True enough but as I remember that Plating room was pretty nasty smelling when plating was being done. These were open tanks full of Chromic Acid smoking away and the only vent was a 4ft exhaust fan sending it outside. I do not remember what happened when they had to drain a tank or where the used up lead went.

It wasn't as bad as a couple years later when I had to do some work at a tallow plant but still nasty.

Walter
 
Upon further inspection.

Turns out I have this exact gearbox in pieces in my shop right now. Basically I keep a spare on hand, this is the
spare that needs re-build. (this one has a bigger issue, the second and third gear need replacement on the intermediate
shaft, and supposedly you can't get there from here...)
=QUOTE]

Jim,I don't remember the incident you mention, probably because I had left Dad's shop in 1985 :)

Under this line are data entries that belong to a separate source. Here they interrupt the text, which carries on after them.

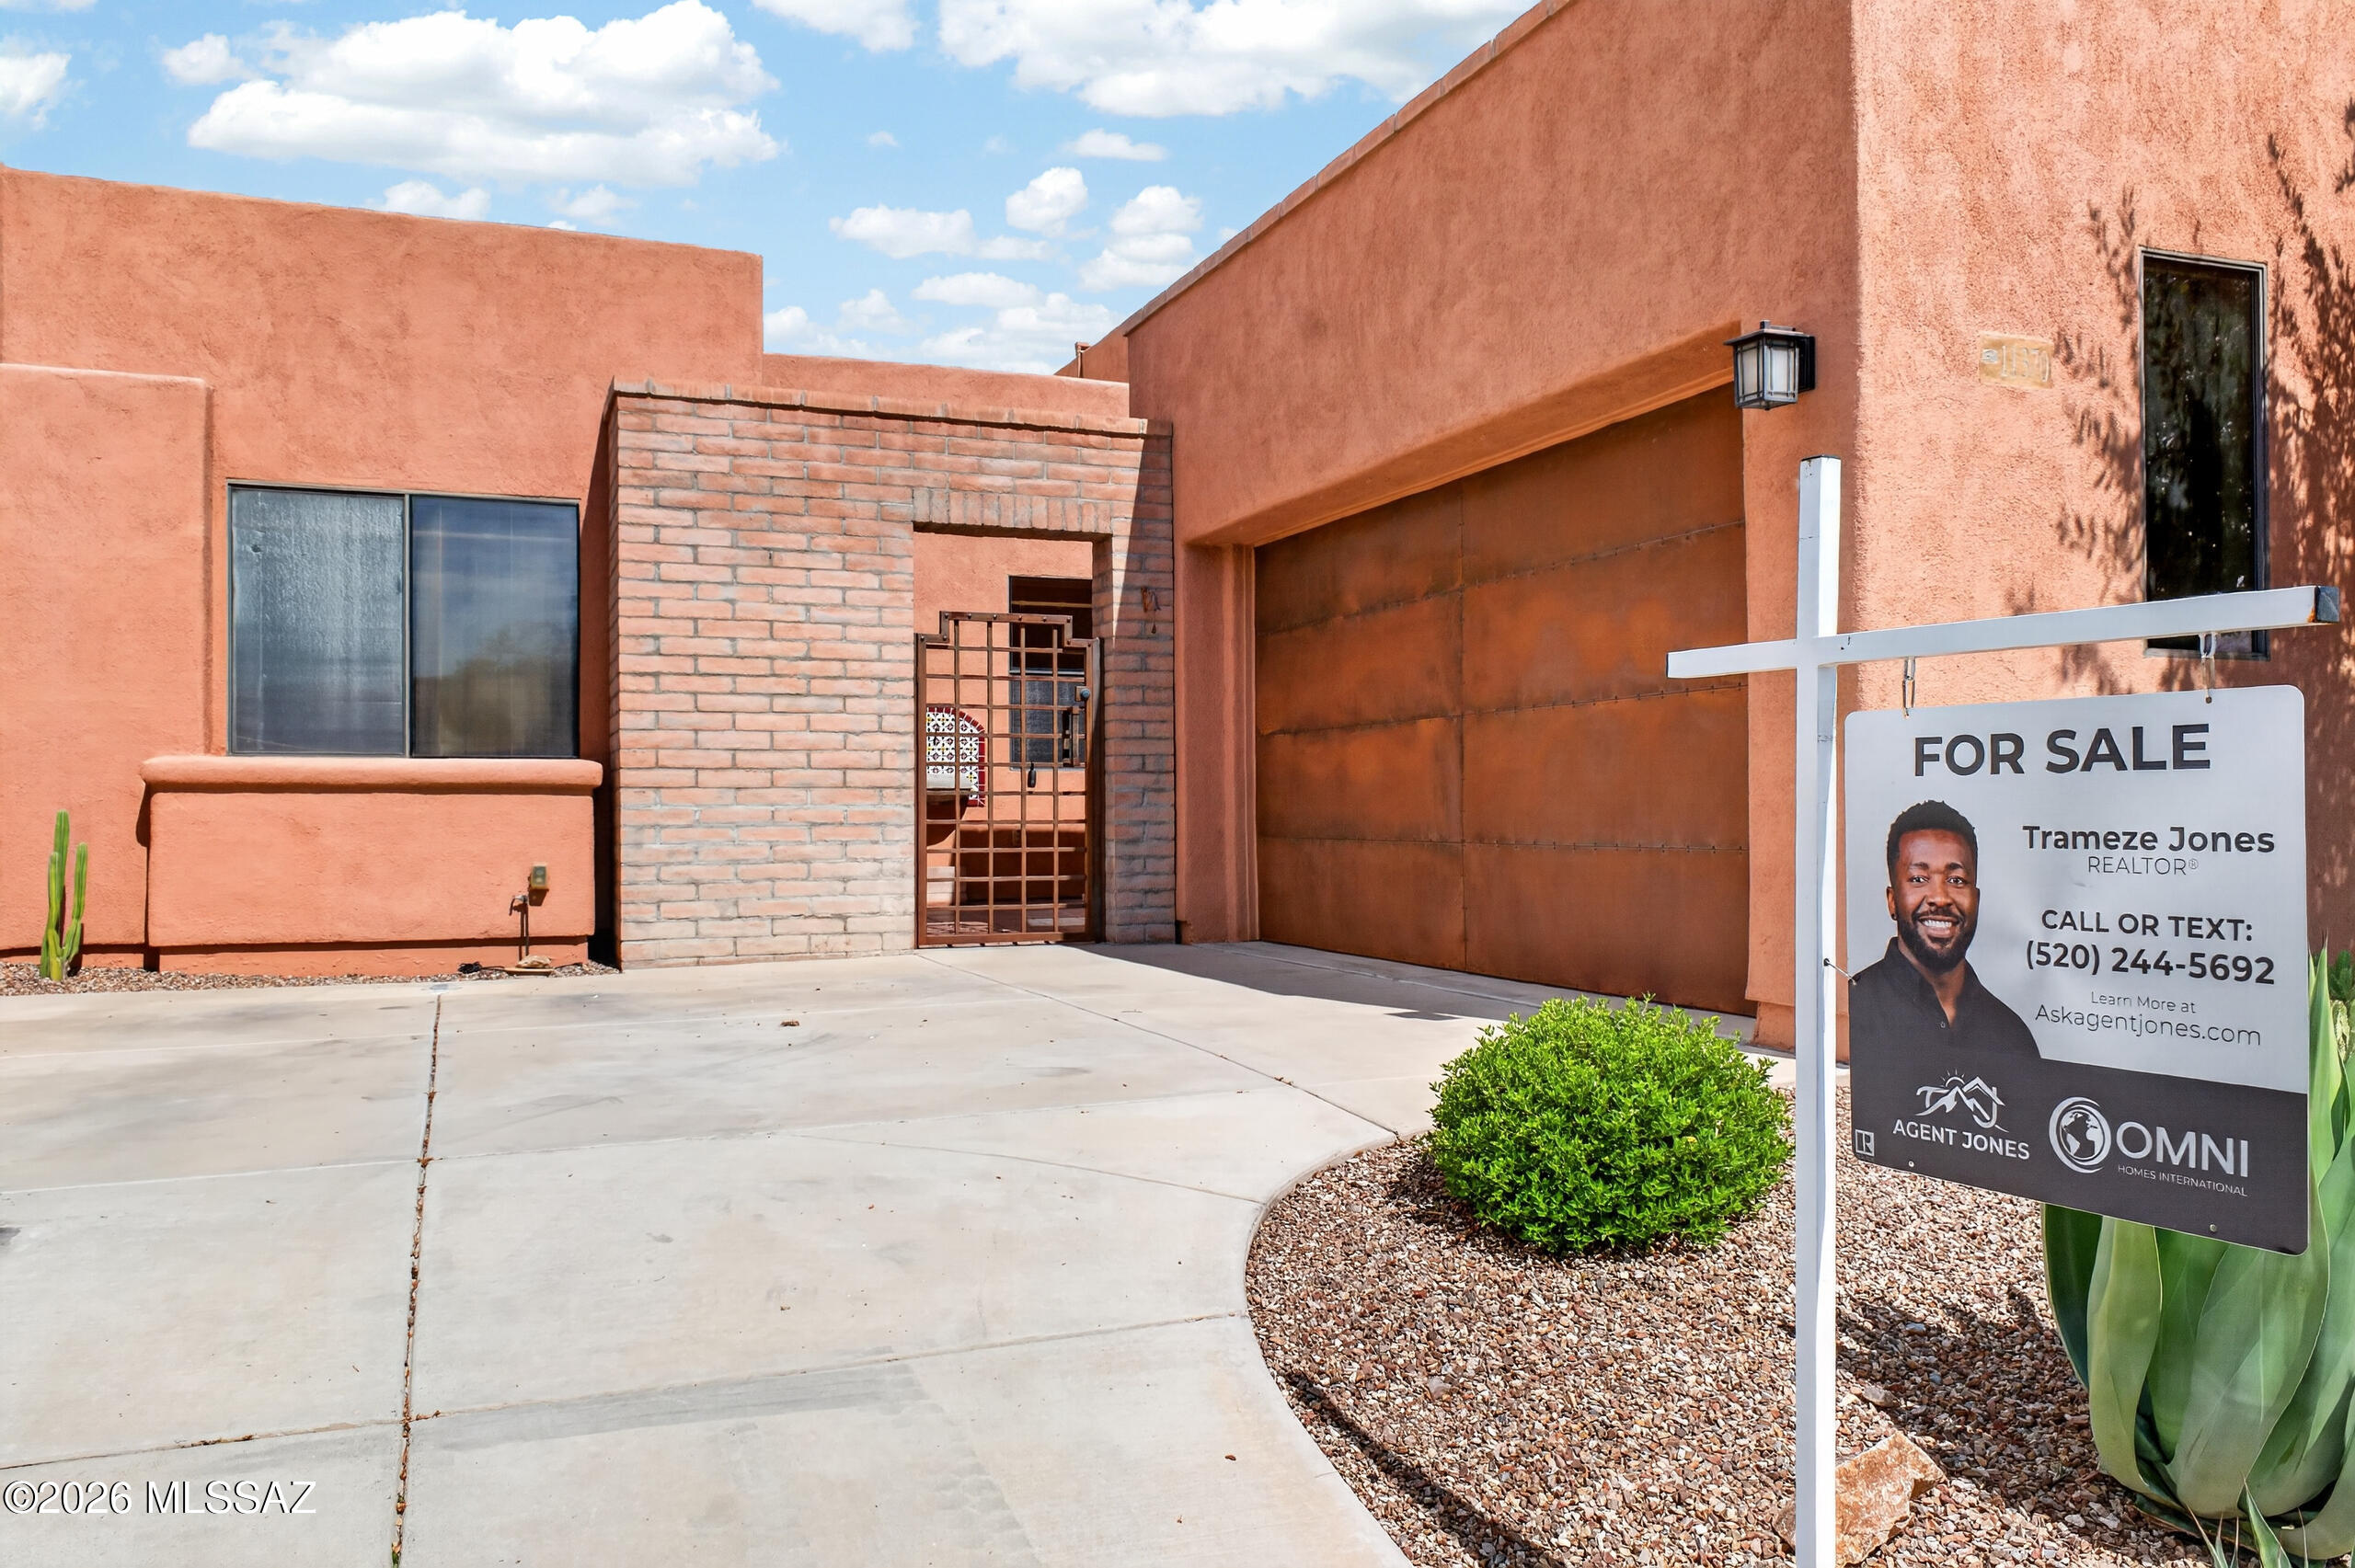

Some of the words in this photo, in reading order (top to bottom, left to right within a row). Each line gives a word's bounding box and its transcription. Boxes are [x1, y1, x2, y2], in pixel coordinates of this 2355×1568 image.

[1914, 732, 2025, 777] FOR
[2045, 723, 2211, 773] SALE
[2023, 825, 2158, 851] Trameze
[2168, 827, 2275, 853] Jones
[2041, 910, 2109, 933] CALL
[2118, 913, 2159, 937] OR
[2168, 915, 2253, 942] TEXT:
[2026, 940, 2100, 976] (520)
[2111, 947, 2275, 985] 244-5692
[2091, 991, 2132, 1007] Learn
[2137, 995, 2177, 1012] More
[2180, 1001, 2197, 1013] at
[2035, 1004, 2261, 1046] Askagentjones.com
[1892, 1118, 1958, 1146] AGENT
[1961, 1131, 2030, 1160] JONES
[2116, 1121, 2248, 1177] OMNI
[2118, 1164, 2156, 1180] HOMES
[2158, 1172, 2248, 1197] INTERNATIONAL
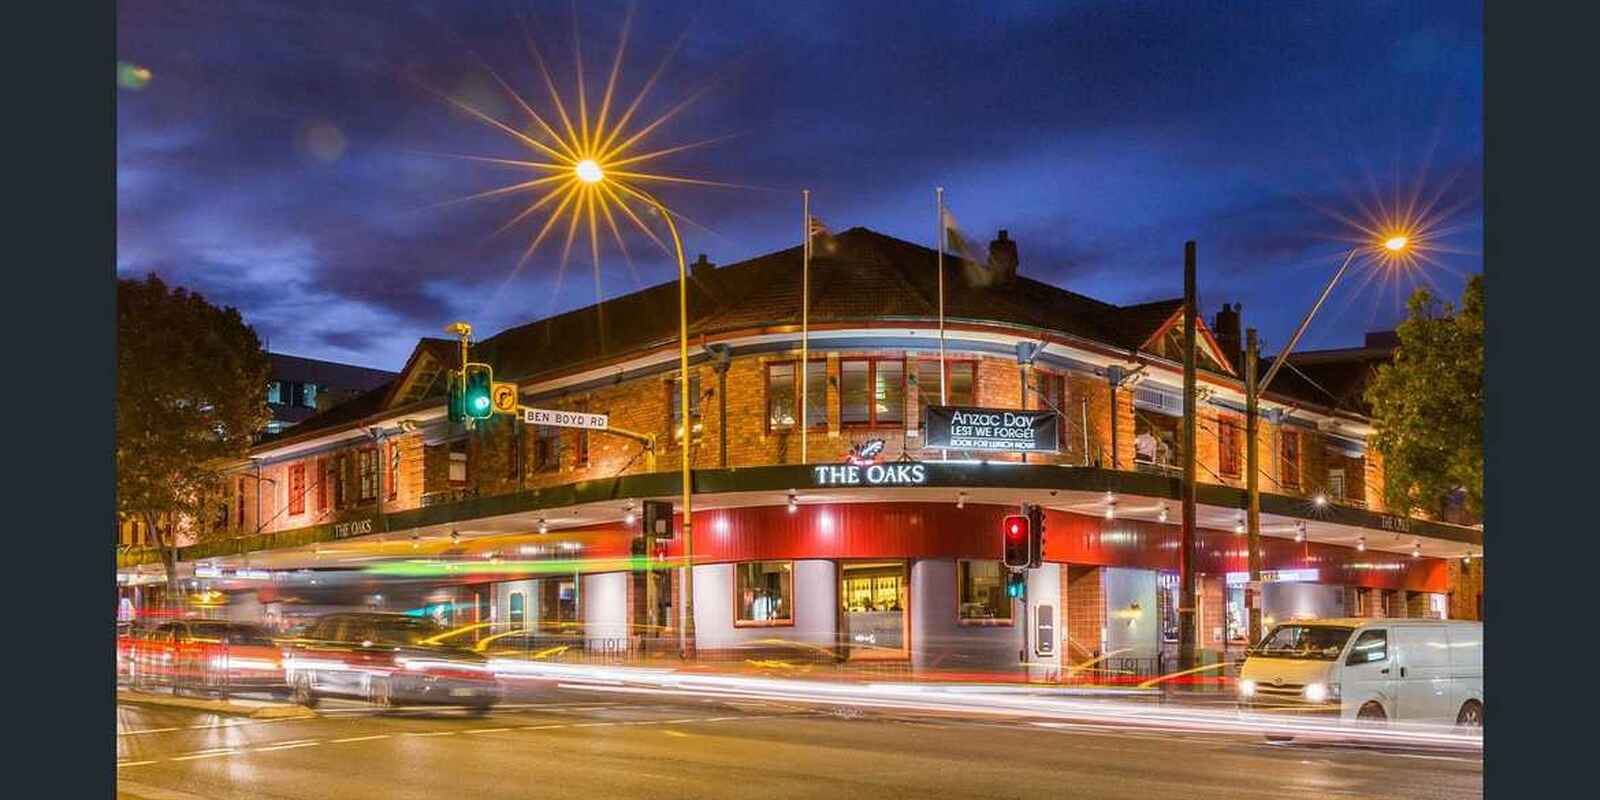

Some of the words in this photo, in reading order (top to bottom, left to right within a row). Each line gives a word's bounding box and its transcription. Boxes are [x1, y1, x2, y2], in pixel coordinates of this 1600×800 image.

I have good news-and bad-about the sliding gear on the intermediate shaft; it is now available separately from an aftermarket company in Germany, and I have them in stock. The bad news is that is that is expensive, and you'll need the shift fork, too. I don't have the pricing here, but IIRC, the gear is around $300.00
 
Upon further inspection.

Turns out I have this exact gearbox in pieces in my shop right now. Basically I keep a spare on hand, this is the
spare that needs re-build. (this one has a bigger issue, the second and third gear need replacement on the intermediate
shaft, and supposedly you can't get there from here...)
=QUOTE]

Jim,I don't remember the incident you mention, probably because I had left Dad's shop in 1985 :)

I have good news-and bad-about the sliding gear on the intermediate shaft; it is now available separately from an aftermarket company in Germany, and I have them in stock. The bad news is that is that is expensive, and you'll need the shift fork, too. I don't have the pricing here, but IIRC, the gear is around $300.00

So this assembly can be pressed apart, that sort of makes sense.